Durbin went on to discuss the four bills that have recently advanced out of the Senate Judiciary Committee on a bipartisan basis as part of the Stopping the Exploitation of Kids Online legislative package. Durbin’s Strengthening Transparency and Obligations to Protect Children Suffering from Abuse and Mistreatment Act of 2023 (STOP CSAM Act) supports victims and increases accountability and transparency for online platforms. The EARN IT Act creates targeted exceptions to Section 230 of the Communications Decency Act of 1996 to remove blanket immunity from civil and criminal liability under child sexual abuse material laws and establishes a National Commission on Online Child Sexual Exploitation Prevention. The SHIELD Act ensures that federal prosecutors have appropriate and effective tools to address serious privacy violations. And the Project Safe Childhood Act modernizes the investigation and prosecution of online child exploitation crimes.
“We cannot continue to place the responsibility for protecting children online entirely on these children, even their parents, and even child advocacy groups alone. No matter how concerned and vigilant they are, parents stand virtually no chance against social media companies that use powerful algorithms to hook kids, to make profit off of them, and [who] cannot be held accountable in a court of law for the harm their products cause,” Durbin said. “Well Democrats and Republicans on the Senate Judiciary Committee want to change that. Over the last two weeks, we have voted out of our Committee a package of four bipartisan bills that would require Facebook, Snapchat, and other social media companies to adhere to new online safety standards for children or pay a price. And the price would be anything from significant fines to civil judgments to criminal prosecution. I say enough is enough.”
Durbin concluded, “We can and we will balance the need to protect free speech and the need to protect our kids from harm. What we will not do is accept the status quo where some social media companies continue to destroy lives and make fast fortunes by exploiting a legal loophole that can no longer be justified. We hope our colleagues will join us in protecting America’s children and teenagers from online harm.”
Video of Durbin’s remarks on the Senate floor is available here.
Audio of Durbin’s remarks on the Senate floor is available here.
Footage of Durbin’s remarks on the Senate floor is available here for TV Stations.
As Chair of the Senate Judiciary Committee, Durbin is committed to ensuring children’s online safety. In February, the Senate Judiciary Committee held a hearing entitled, “Protecting Our Children Online,” which included powerful testimony from those working to increase children’s privacy and safety online. Durbin’s opening statement from that hearing is available here and witness questions are available here.
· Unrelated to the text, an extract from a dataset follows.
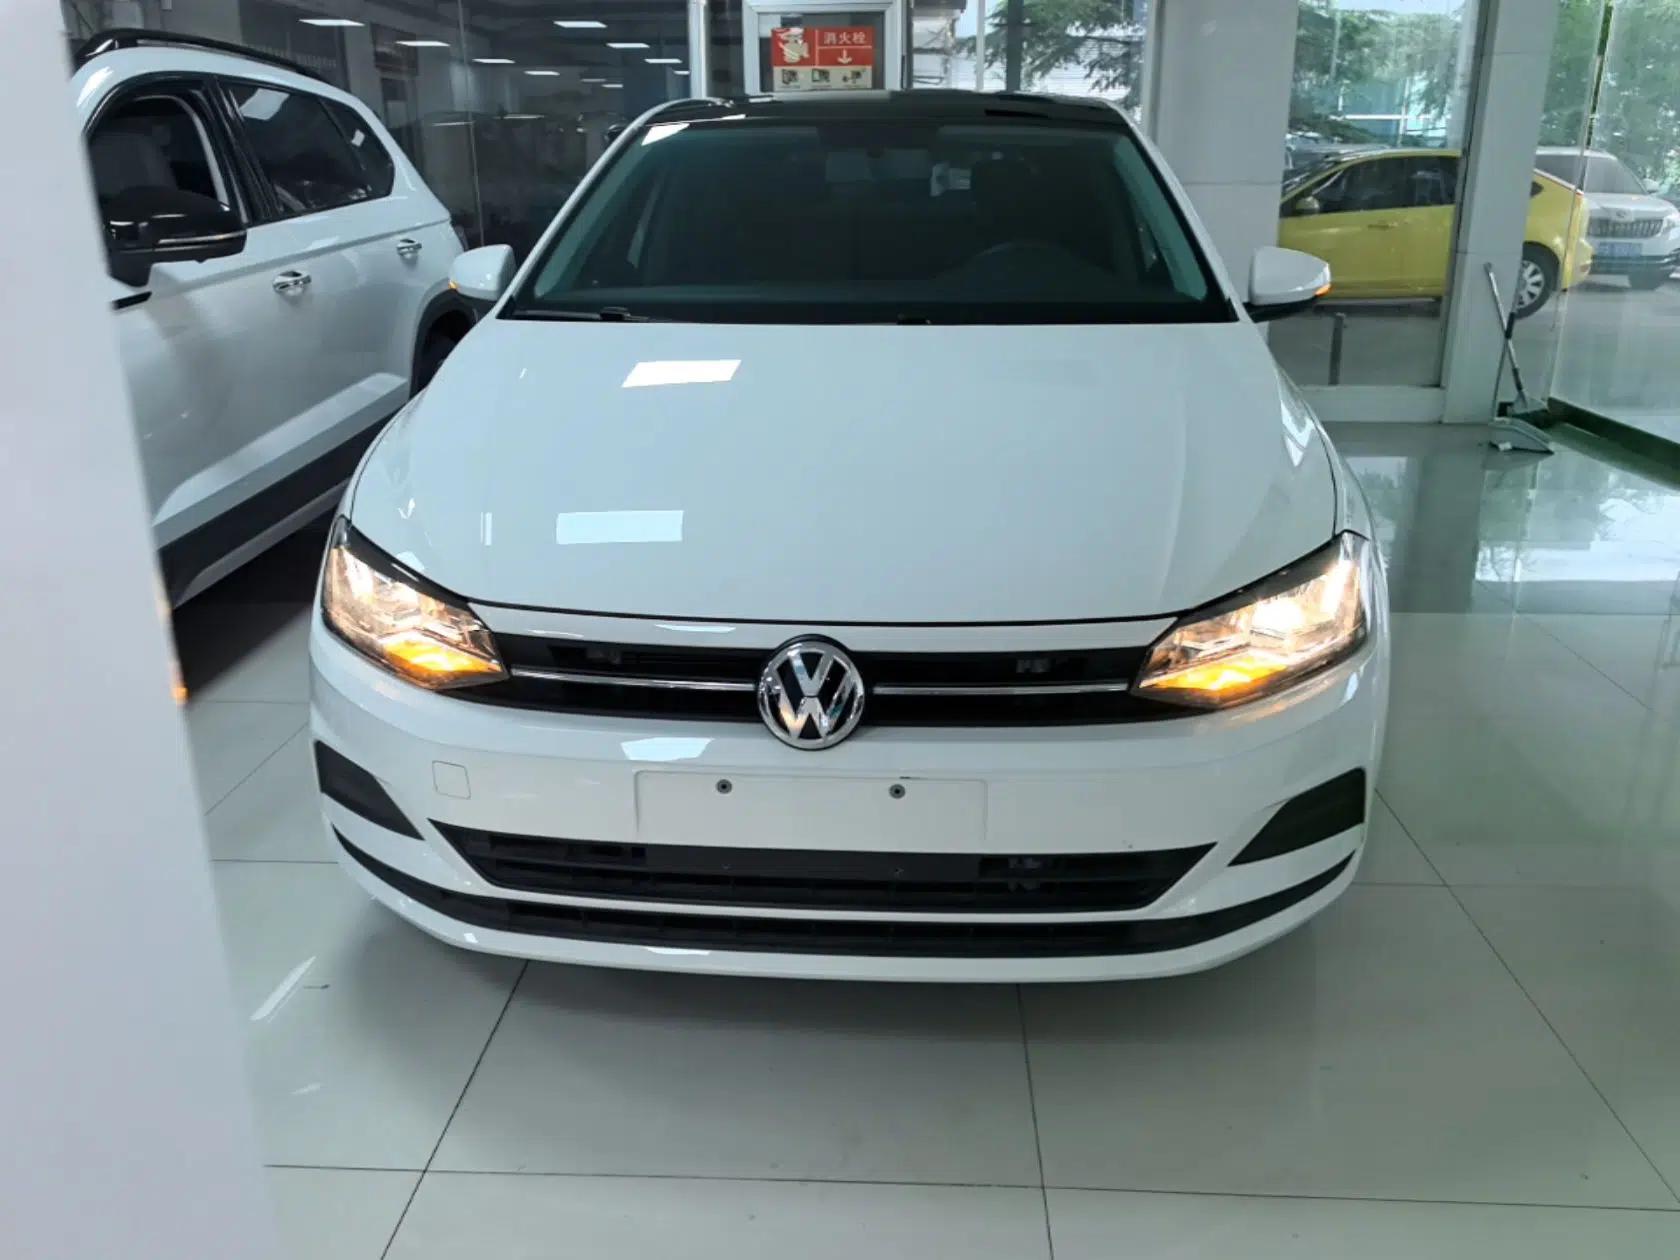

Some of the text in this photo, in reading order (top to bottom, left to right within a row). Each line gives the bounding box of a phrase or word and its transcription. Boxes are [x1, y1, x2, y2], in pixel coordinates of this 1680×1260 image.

In the Senate, Durbin has introduced legislation to strengthen online privacy protections for children when websites collect their personally identifiable information. Earlier this year, he introduced the Clean Slate for Kids Online Act, legislation that would give every American an enforceable legal right to demand that internet companies delete all personal information that was collected from or about the person when he or she was a child under age 13.